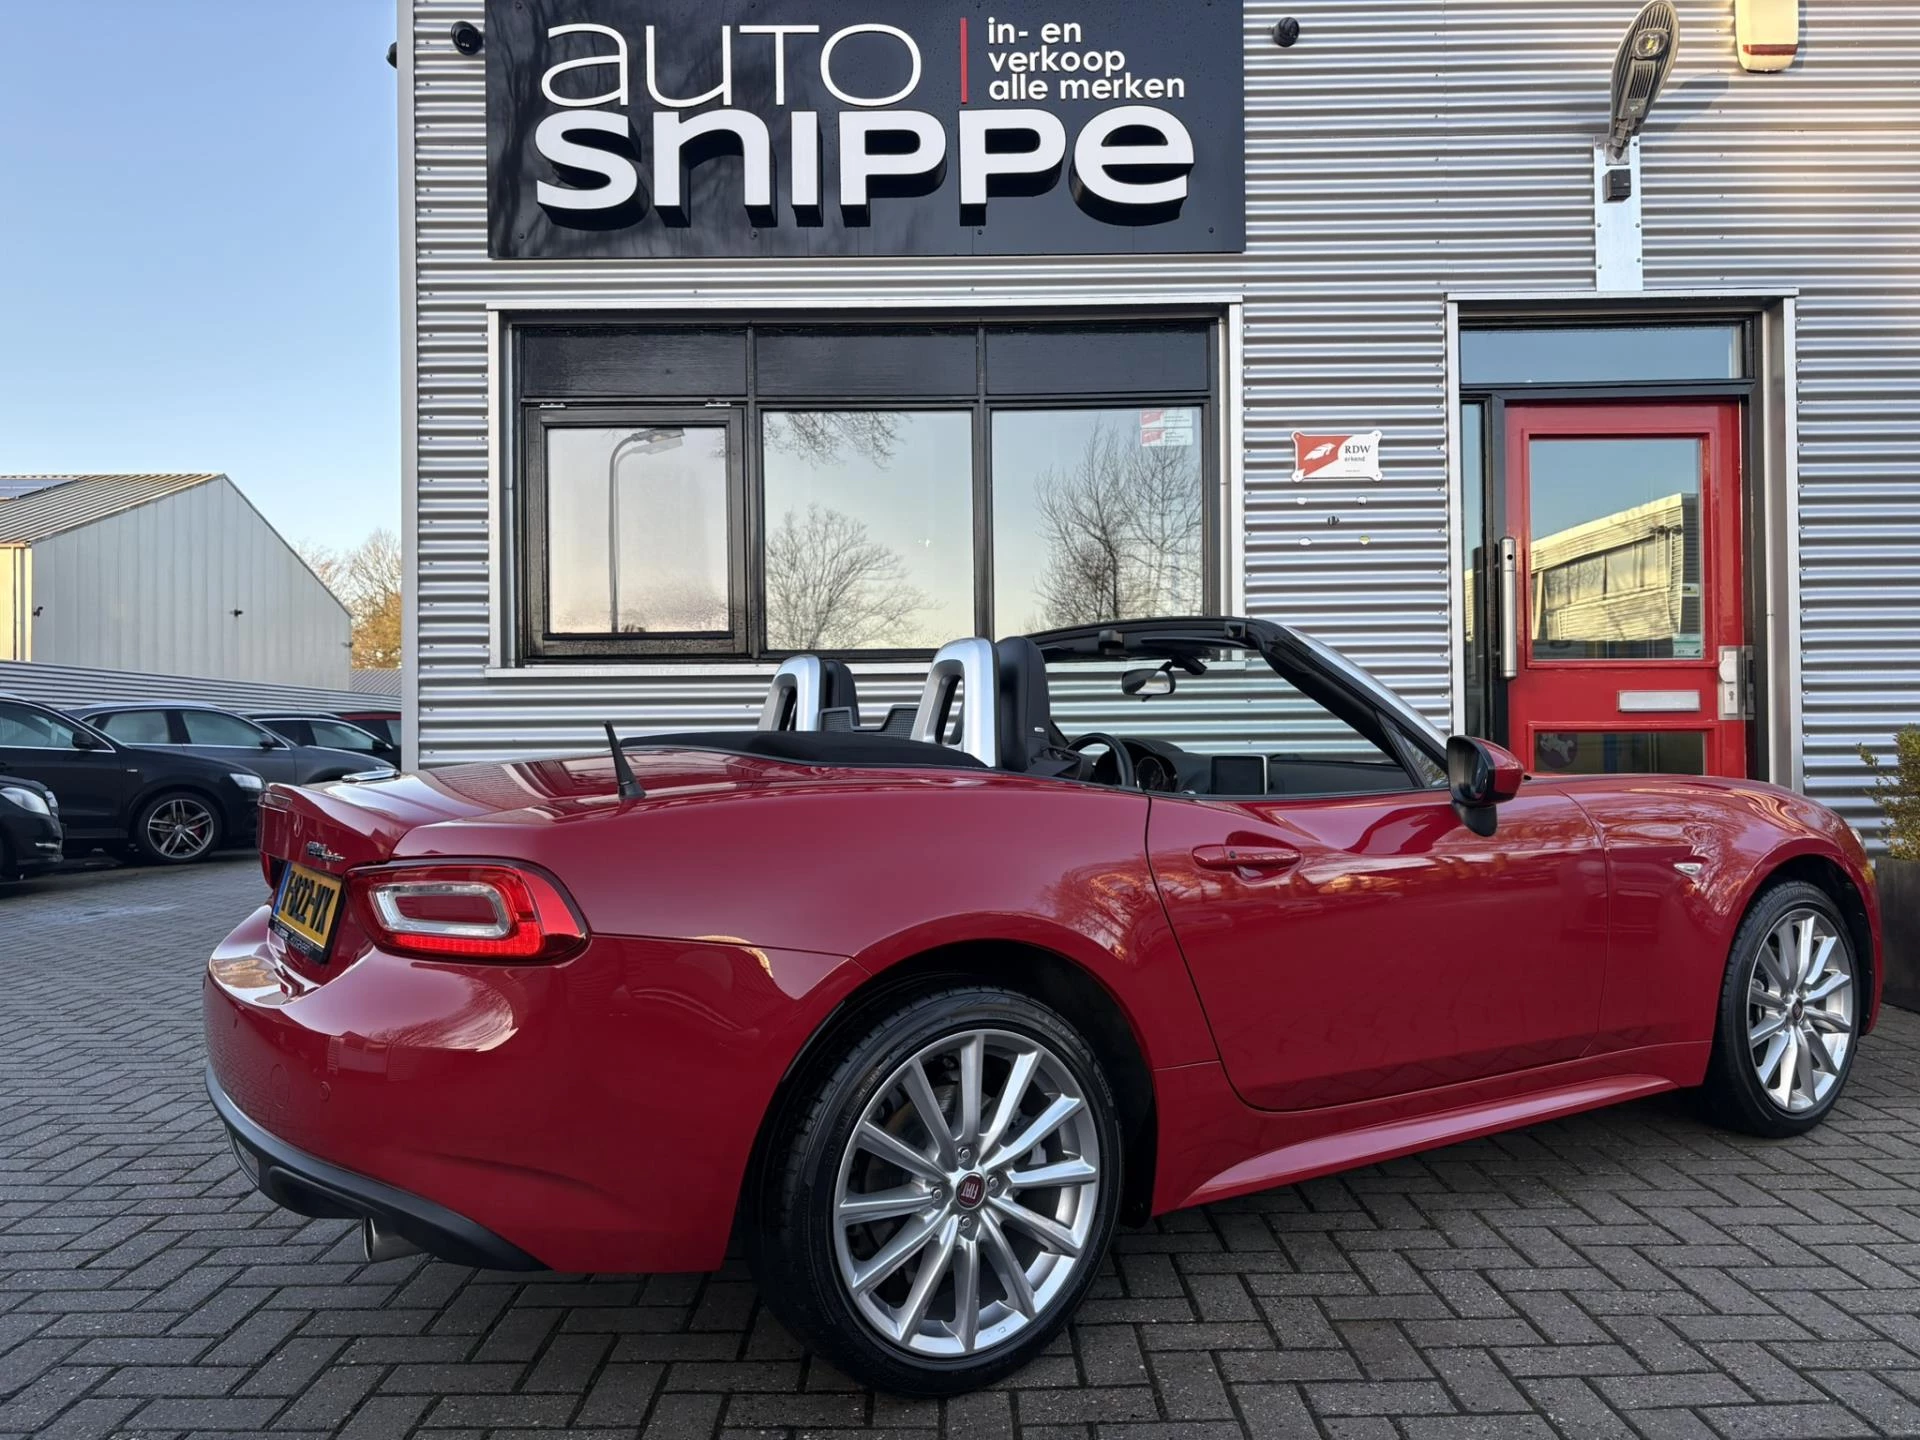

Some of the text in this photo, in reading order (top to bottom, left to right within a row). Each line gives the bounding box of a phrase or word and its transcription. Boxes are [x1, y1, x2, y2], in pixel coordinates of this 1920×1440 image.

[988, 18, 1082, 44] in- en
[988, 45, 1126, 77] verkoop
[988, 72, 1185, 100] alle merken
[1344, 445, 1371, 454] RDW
* * * * * * * * *
#### Assignment
Your answer should be an exact copy of the entries above, with no images included.

#### Output below
Some of the text in this photo, in reading order (top to bottom, left to right within a row). Each line gives the bounding box of a phrase or word and its transcription. Boxes are [x1, y1, x2, y2], in pixel coordinates of this 1920×1440 image.

[988, 18, 1082, 44] in- en
[988, 45, 1126, 77] verkoop
[988, 72, 1185, 100] alle merken
[1344, 445, 1371, 454] RDW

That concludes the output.